**TASK TO CARRY OUT**:
Return every entry from the listing below unaltered.

**DATA LISTING**:
*** Begin section ***

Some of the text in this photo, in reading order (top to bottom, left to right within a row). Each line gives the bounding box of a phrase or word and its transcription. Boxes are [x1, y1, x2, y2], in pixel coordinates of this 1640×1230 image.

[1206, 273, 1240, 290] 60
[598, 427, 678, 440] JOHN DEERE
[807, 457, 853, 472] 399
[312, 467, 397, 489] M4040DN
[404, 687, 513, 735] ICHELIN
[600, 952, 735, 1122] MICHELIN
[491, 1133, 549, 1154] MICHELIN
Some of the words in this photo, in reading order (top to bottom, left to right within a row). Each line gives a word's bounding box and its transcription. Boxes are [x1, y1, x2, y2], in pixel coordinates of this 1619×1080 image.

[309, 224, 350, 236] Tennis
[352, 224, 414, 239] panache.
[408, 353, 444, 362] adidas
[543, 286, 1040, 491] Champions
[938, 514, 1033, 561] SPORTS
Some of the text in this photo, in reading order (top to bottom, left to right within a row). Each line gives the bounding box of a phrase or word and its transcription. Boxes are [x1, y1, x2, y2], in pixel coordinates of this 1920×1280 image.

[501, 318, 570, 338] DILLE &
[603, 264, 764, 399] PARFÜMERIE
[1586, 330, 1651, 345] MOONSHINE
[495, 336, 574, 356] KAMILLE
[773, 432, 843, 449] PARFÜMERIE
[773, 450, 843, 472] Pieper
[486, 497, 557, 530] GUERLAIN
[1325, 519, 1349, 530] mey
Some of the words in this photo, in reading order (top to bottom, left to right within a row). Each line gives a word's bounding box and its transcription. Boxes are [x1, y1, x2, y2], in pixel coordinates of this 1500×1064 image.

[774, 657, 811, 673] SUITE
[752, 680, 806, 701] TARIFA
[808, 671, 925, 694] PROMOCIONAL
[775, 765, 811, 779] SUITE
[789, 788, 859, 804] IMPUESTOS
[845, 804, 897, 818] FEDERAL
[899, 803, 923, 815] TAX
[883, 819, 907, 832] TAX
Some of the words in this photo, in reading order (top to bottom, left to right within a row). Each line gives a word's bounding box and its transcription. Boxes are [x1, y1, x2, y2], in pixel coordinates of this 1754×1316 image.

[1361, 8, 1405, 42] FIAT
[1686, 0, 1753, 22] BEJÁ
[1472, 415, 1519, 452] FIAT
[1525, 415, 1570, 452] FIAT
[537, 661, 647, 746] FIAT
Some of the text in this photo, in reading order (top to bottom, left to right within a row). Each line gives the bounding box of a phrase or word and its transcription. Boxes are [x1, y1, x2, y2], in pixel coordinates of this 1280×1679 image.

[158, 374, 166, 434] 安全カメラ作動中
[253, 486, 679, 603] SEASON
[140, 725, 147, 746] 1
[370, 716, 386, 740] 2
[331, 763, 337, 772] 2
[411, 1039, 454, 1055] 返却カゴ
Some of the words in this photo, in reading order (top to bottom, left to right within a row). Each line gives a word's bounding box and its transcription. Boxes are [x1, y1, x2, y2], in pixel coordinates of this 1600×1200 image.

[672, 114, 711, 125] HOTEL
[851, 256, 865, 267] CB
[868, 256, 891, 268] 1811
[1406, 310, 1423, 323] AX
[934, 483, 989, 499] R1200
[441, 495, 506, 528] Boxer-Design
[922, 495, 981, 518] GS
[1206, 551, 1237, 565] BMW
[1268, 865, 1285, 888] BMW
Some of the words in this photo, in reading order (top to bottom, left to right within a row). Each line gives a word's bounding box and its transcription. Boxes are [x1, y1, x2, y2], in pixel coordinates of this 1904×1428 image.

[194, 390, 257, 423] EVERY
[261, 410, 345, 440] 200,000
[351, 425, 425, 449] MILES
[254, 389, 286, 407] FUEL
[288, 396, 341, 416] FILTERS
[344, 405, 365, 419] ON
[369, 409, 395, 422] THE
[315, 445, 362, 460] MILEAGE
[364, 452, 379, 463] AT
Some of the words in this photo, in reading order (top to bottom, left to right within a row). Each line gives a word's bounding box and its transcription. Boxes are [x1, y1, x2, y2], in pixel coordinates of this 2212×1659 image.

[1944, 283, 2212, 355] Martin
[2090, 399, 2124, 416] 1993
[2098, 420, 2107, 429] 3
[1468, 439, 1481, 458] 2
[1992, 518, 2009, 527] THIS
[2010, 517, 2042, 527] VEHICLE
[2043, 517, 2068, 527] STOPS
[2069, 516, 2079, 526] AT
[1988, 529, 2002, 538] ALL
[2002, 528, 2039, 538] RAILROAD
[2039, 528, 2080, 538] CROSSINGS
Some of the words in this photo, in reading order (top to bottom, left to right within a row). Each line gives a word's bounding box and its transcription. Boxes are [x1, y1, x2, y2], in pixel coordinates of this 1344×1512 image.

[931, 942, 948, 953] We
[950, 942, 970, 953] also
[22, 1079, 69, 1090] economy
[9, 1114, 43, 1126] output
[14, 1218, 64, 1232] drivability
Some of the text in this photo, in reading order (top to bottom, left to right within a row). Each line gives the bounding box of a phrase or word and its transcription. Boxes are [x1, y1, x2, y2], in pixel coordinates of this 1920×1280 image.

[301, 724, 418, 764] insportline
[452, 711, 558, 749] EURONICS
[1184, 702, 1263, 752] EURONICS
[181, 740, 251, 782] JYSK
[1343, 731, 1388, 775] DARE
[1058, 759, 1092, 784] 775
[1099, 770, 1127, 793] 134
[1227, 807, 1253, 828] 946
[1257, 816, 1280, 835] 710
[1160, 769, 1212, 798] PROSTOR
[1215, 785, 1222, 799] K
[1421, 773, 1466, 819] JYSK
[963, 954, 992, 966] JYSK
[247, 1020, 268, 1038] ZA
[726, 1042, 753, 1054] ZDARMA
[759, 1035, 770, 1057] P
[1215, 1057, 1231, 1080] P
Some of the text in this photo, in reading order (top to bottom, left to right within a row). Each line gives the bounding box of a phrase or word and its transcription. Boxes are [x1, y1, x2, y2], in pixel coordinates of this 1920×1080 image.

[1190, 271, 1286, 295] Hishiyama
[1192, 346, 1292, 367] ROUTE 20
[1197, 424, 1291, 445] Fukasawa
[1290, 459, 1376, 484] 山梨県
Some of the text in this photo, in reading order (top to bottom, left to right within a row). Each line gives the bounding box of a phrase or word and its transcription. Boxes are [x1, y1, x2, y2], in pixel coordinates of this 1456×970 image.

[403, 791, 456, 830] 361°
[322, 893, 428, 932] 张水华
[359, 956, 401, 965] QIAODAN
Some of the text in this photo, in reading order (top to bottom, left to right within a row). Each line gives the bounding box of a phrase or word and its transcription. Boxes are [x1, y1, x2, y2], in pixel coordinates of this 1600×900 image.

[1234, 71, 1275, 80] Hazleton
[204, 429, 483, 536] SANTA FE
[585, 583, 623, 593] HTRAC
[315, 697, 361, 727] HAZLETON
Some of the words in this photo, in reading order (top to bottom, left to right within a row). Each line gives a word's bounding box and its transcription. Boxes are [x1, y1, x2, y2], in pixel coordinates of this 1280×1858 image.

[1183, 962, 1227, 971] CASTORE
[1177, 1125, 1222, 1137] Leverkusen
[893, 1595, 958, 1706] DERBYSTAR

*** End section ***

**ANSWER TO THIS TASK**:
Some of the text in this photo, in reading order (top to bottom, left to right within a row). Each line gives the bounding box of a phrase or word and its transcription. Boxes are [x1, y1, x2, y2], in pixel coordinates of this 1640×1230 image.

[1206, 273, 1240, 290] 60
[598, 427, 678, 440] JOHN DEERE
[807, 457, 853, 472] 399
[312, 467, 397, 489] M4040DN
[404, 687, 513, 735] ICHELIN
[600, 952, 735, 1122] MICHELIN
[491, 1133, 549, 1154] MICHELIN
Some of the words in this photo, in reading order (top to bottom, left to right within a row). Each line gives a word's bounding box and its transcription. Boxes are [x1, y1, x2, y2], in pixel coordinates of this 1619×1080 image.

[309, 224, 350, 236] Tennis
[352, 224, 414, 239] panache.
[408, 353, 444, 362] adidas
[543, 286, 1040, 491] Champions
[938, 514, 1033, 561] SPORTS
Some of the text in this photo, in reading order (top to bottom, left to right within a row). Each line gives the bounding box of a phrase or word and its transcription. Boxes are [x1, y1, x2, y2], in pixel coordinates of this 1920×1280 image.

[501, 318, 570, 338] DILLE &
[603, 264, 764, 399] PARFÜMERIE
[1586, 330, 1651, 345] MOONSHINE
[495, 336, 574, 356] KAMILLE
[773, 432, 843, 449] PARFÜMERIE
[773, 450, 843, 472] Pieper
[486, 497, 557, 530] GUERLAIN
[1325, 519, 1349, 530] mey
Some of the words in this photo, in reading order (top to bottom, left to right within a row). Each line gives a word's bounding box and its transcription. Boxes are [x1, y1, x2, y2], in pixel coordinates of this 1500×1064 image.

[774, 657, 811, 673] SUITE
[752, 680, 806, 701] TARIFA
[808, 671, 925, 694] PROMOCIONAL
[775, 765, 811, 779] SUITE
[789, 788, 859, 804] IMPUESTOS
[845, 804, 897, 818] FEDERAL
[899, 803, 923, 815] TAX
[883, 819, 907, 832] TAX
Some of the words in this photo, in reading order (top to bottom, left to right within a row). Each line gives a word's bounding box and its transcription. Boxes are [x1, y1, x2, y2], in pixel coordinates of this 1754×1316 image.

[1361, 8, 1405, 42] FIAT
[1686, 0, 1753, 22] BEJÁ
[1472, 415, 1519, 452] FIAT
[1525, 415, 1570, 452] FIAT
[537, 661, 647, 746] FIAT
Some of the text in this photo, in reading order (top to bottom, left to right within a row). Each line gives the bounding box of a phrase or word and its transcription. Boxes are [x1, y1, x2, y2], in pixel coordinates of this 1280×1679 image.

[158, 374, 166, 434] 安全カメラ作動中
[253, 486, 679, 603] SEASON
[140, 725, 147, 746] 1
[370, 716, 386, 740] 2
[331, 763, 337, 772] 2
[411, 1039, 454, 1055] 返却カゴ
Some of the words in this photo, in reading order (top to bottom, left to right within a row). Each line gives a word's bounding box and its transcription. Boxes are [x1, y1, x2, y2], in pixel coordinates of this 1600×1200 image.

[672, 114, 711, 125] HOTEL
[851, 256, 865, 267] CB
[868, 256, 891, 268] 1811
[1406, 310, 1423, 323] AX
[934, 483, 989, 499] R1200
[441, 495, 506, 528] Boxer-Design
[922, 495, 981, 518] GS
[1206, 551, 1237, 565] BMW
[1268, 865, 1285, 888] BMW
Some of the words in this photo, in reading order (top to bottom, left to right within a row). Each line gives a word's bounding box and its transcription. Boxes are [x1, y1, x2, y2], in pixel coordinates of this 1904×1428 image.

[194, 390, 257, 423] EVERY
[261, 410, 345, 440] 200,000
[351, 425, 425, 449] MILES
[254, 389, 286, 407] FUEL
[288, 396, 341, 416] FILTERS
[344, 405, 365, 419] ON
[369, 409, 395, 422] THE
[315, 445, 362, 460] MILEAGE
[364, 452, 379, 463] AT
Some of the words in this photo, in reading order (top to bottom, left to right within a row). Each line gives a word's bounding box and its transcription. Boxes are [x1, y1, x2, y2], in pixel coordinates of this 2212×1659 image.

[1944, 283, 2212, 355] Martin
[2090, 399, 2124, 416] 1993
[2098, 420, 2107, 429] 3
[1468, 439, 1481, 458] 2
[1992, 518, 2009, 527] THIS
[2010, 517, 2042, 527] VEHICLE
[2043, 517, 2068, 527] STOPS
[2069, 516, 2079, 526] AT
[1988, 529, 2002, 538] ALL
[2002, 528, 2039, 538] RAILROAD
[2039, 528, 2080, 538] CROSSINGS
Some of the words in this photo, in reading order (top to bottom, left to right within a row). Each line gives a word's bounding box and its transcription. Boxes are [x1, y1, x2, y2], in pixel coordinates of this 1344×1512 image.

[931, 942, 948, 953] We
[950, 942, 970, 953] also
[22, 1079, 69, 1090] economy
[9, 1114, 43, 1126] output
[14, 1218, 64, 1232] drivability
Some of the text in this photo, in reading order (top to bottom, left to right within a row). Each line gives the bounding box of a phrase or word and its transcription. Boxes are [x1, y1, x2, y2], in pixel coordinates of this 1920×1280 image.

[301, 724, 418, 764] insportline
[452, 711, 558, 749] EURONICS
[1184, 702, 1263, 752] EURONICS
[181, 740, 251, 782] JYSK
[1343, 731, 1388, 775] DARE
[1058, 759, 1092, 784] 775
[1099, 770, 1127, 793] 134
[1227, 807, 1253, 828] 946
[1257, 816, 1280, 835] 710
[1160, 769, 1212, 798] PROSTOR
[1215, 785, 1222, 799] K
[1421, 773, 1466, 819] JYSK
[963, 954, 992, 966] JYSK
[247, 1020, 268, 1038] ZA
[726, 1042, 753, 1054] ZDARMA
[759, 1035, 770, 1057] P
[1215, 1057, 1231, 1080] P
Some of the text in this photo, in reading order (top to bottom, left to right within a row). Each line gives the bounding box of a phrase or word and its transcription. Boxes are [x1, y1, x2, y2], in pixel coordinates of this 1920×1080 image.

[1190, 271, 1286, 295] Hishiyama
[1192, 346, 1292, 367] ROUTE 20
[1197, 424, 1291, 445] Fukasawa
[1290, 459, 1376, 484] 山梨県
Some of the text in this photo, in reading order (top to bottom, left to right within a row). Each line gives the bounding box of a phrase or word and its transcription. Boxes are [x1, y1, x2, y2], in pixel coordinates of this 1456×970 image.

[403, 791, 456, 830] 361°
[322, 893, 428, 932] 张水华
[359, 956, 401, 965] QIAODAN
Some of the text in this photo, in reading order (top to bottom, left to right within a row). Each line gives the bounding box of a phrase or word and its transcription. Boxes are [x1, y1, x2, y2], in pixel coordinates of this 1600×900 image.

[1234, 71, 1275, 80] Hazleton
[204, 429, 483, 536] SANTA FE
[585, 583, 623, 593] HTRAC
[315, 697, 361, 727] HAZLETON
Some of the words in this photo, in reading order (top to bottom, left to right within a row). Each line gives a word's bounding box and its transcription. Boxes are [x1, y1, x2, y2], in pixel coordinates of this 1280×1858 image.

[1183, 962, 1227, 971] CASTORE
[1177, 1125, 1222, 1137] Leverkusen
[893, 1595, 958, 1706] DERBYSTAR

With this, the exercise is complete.